Nevertheless, given the unambiguous nature of the phenomenon at the centre of the commemorations, things may drift off course. Already there are ominous signs. The commemoration of O’Donovan Rossa’s funeral has been read by some as a commemoration of the old dynamiter himself and there has been a fair bit of tut-tutting. The government failed to get across the message that that the commemoration was of the funeral alone as a galvanising event for Pearse and his colleagues, the gentlemen insurgents who occupied a building and waited for the gunboat dynamiters to show what they could do to a defenceless city. We shall see if this misunderstanding is a one-off or the first in a series of problems.

Apart from the fear of the reigniting the Northern war there are two broad areas in which 1916 is politically problematic in our time, two areas which act as a brake on the possibility of an uncomplicated consensus that it was “a good thing”. The first, which does not directly affect the book under review, has to do with a feeling that advanced separatist ideology and rhetoric do not reflect the character and aspirations of the country today. Ireland is a country which is growing in wealth and population and which, for better or worse, has enthusiastically embraced a raft of globalist values, including the associated celebration of cultural and ethnic diversity. It has also willingly accepted the attendant reduction in national sovereignty. The new economic and cultural order cannot be satisfied by an “ourselves alone” public ideology, the line now being more “ourselves and anyone else with whom we can do business”. And this new cultural mood is one which has little use for idealism, including the striking anti- materialistic idealism of those who signed the proclamation. This shift would appear to have influenced the government’s position and explains the distance some sections of society are maintaining from the 1916 commemoration. To put it another way, if there is to be a parade, we should not expect an IDA float.

The second problematic area, and this one does impact on the texts under review, has to do with relatively recent expressions – often articulated in Studies ‑ of resentment towards those who displaced John Redmond and the gradualist tradition and went on to become the establishment in independent Ireland, an establishment which played down the historical significance of non-militant nationalism. As we shall see, there is some evidence to suggest that this new Redmondism ‑ like the attitudes which prevailed in Studies in earlier decades ‑ is driven less by a concern for honouring the gradualist tradition itself than by a deep-seated distaste for the political form of the republic and the degree of separation from Britain which followed 1916.

Before its political eclipse in the early twentieth century, the gradualist current was acknowledged as the force in Irish political culture. However, in self-congratulatory mode, independent Ireland, which grew from the guns of 1916, either ignored that tradition or characterised it as being of minor importance and perhaps tainted by moral deficiency and even, in some cases, by actions which were close to collaboration.
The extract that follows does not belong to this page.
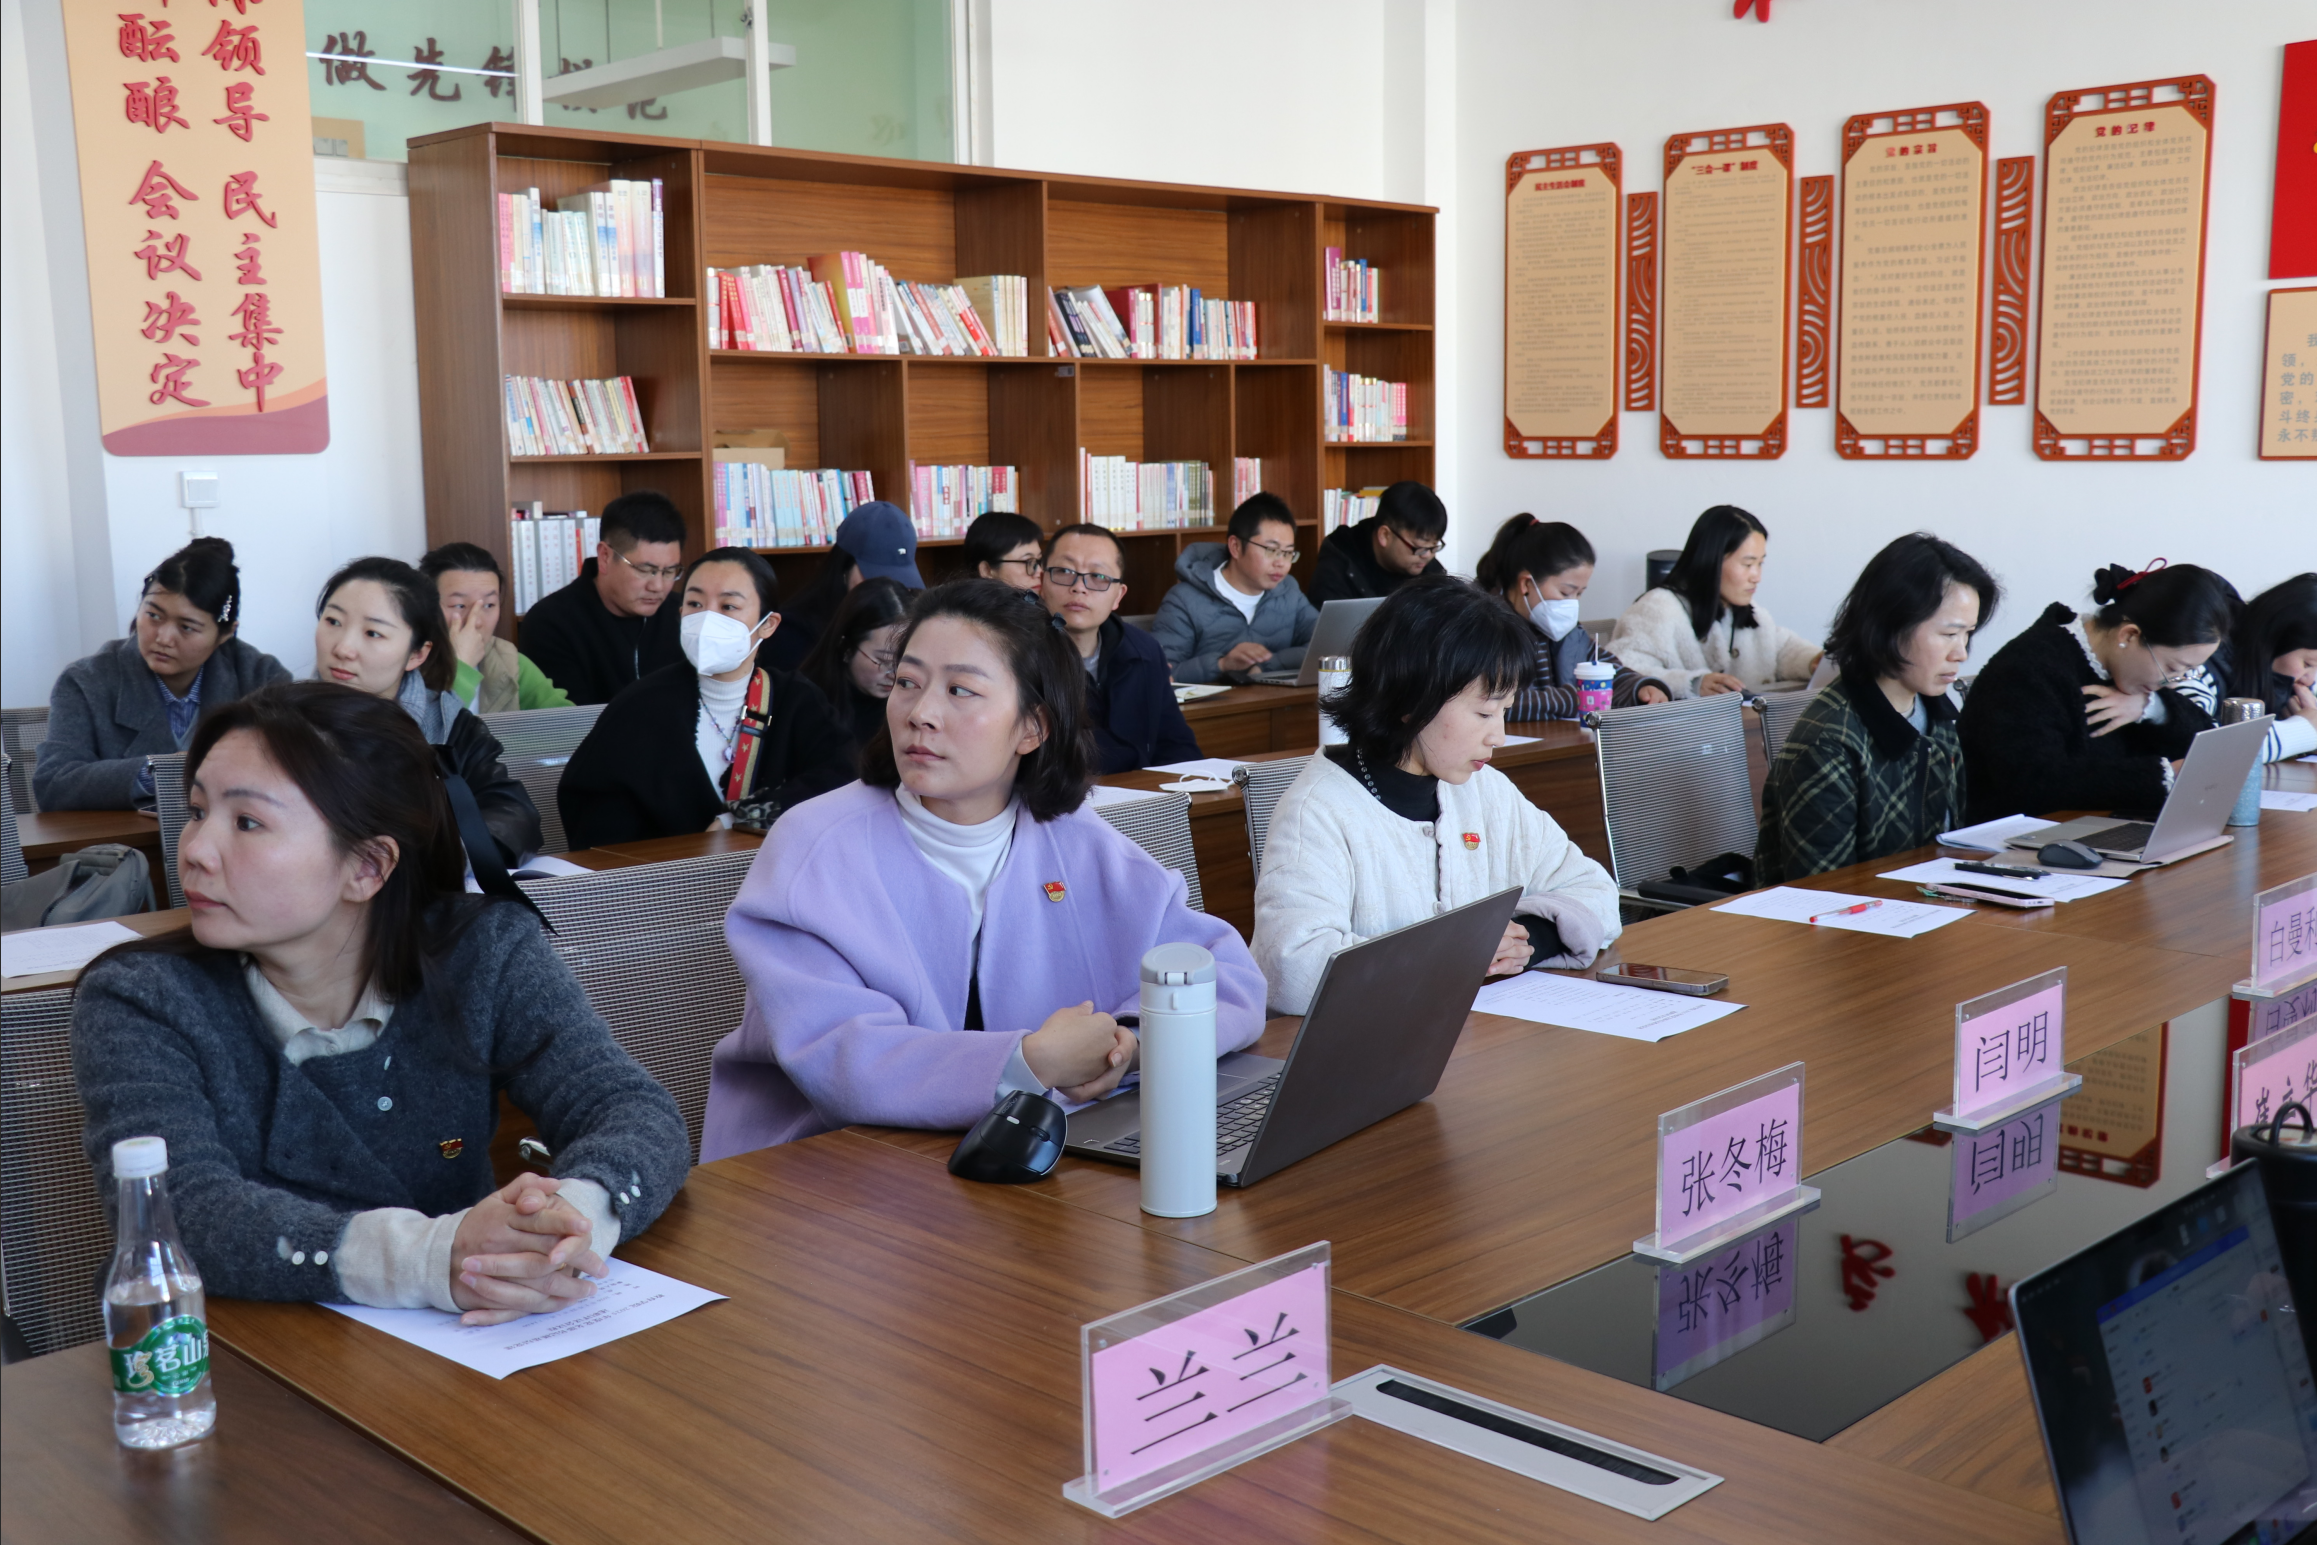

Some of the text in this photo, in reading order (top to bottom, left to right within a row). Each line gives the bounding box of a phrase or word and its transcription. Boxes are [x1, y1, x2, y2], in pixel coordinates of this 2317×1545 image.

All of this was, of course, quite ludicrous. Moreover, deep currents established over centuries don’t just go away. The reality was that the new establishment owed a profound debt to two centuries of pragmatic nationalism. Indeed, beneath its bluster, the new order was itself ultimately gradualist. In short order de Valera was to prove himself quite pragmatic and the former gunman Seán Lemass emerged as the state’s greatest pragmatist. With the eruption of the Northern war, less clear-headed politicians and commentators slowly got in line and in due course the state, having rediscovered its pragmatic soul, harnessed its deep political heritage to achieve what was probably the best conceivable settlement to the conflict for the beleaguered Northern minority.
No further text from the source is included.